▶ Entries provided
------------------------------------
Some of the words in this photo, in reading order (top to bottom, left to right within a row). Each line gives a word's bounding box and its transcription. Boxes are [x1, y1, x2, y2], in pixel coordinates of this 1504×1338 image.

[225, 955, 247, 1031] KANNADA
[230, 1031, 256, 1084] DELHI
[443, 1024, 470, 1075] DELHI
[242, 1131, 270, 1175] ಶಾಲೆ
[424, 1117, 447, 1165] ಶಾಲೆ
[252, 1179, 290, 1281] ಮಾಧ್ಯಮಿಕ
------------------------------------
▶ Your goal
Word for word, restate the entries that appear above.

▶ Written reply
Some of the words in this photo, in reading order (top to bottom, left to right within a row). Each line gives a word's bounding box and its transcription. Boxes are [x1, y1, x2, y2], in pixel coordinates of this 1504×1338 image.

[225, 955, 247, 1031] KANNADA
[230, 1031, 256, 1084] DELHI
[443, 1024, 470, 1075] DELHI
[242, 1131, 270, 1175] ಶಾಲೆ
[424, 1117, 447, 1165] ಶಾಲೆ
[252, 1179, 290, 1281] ಮಾಧ್ಯಮಿಕ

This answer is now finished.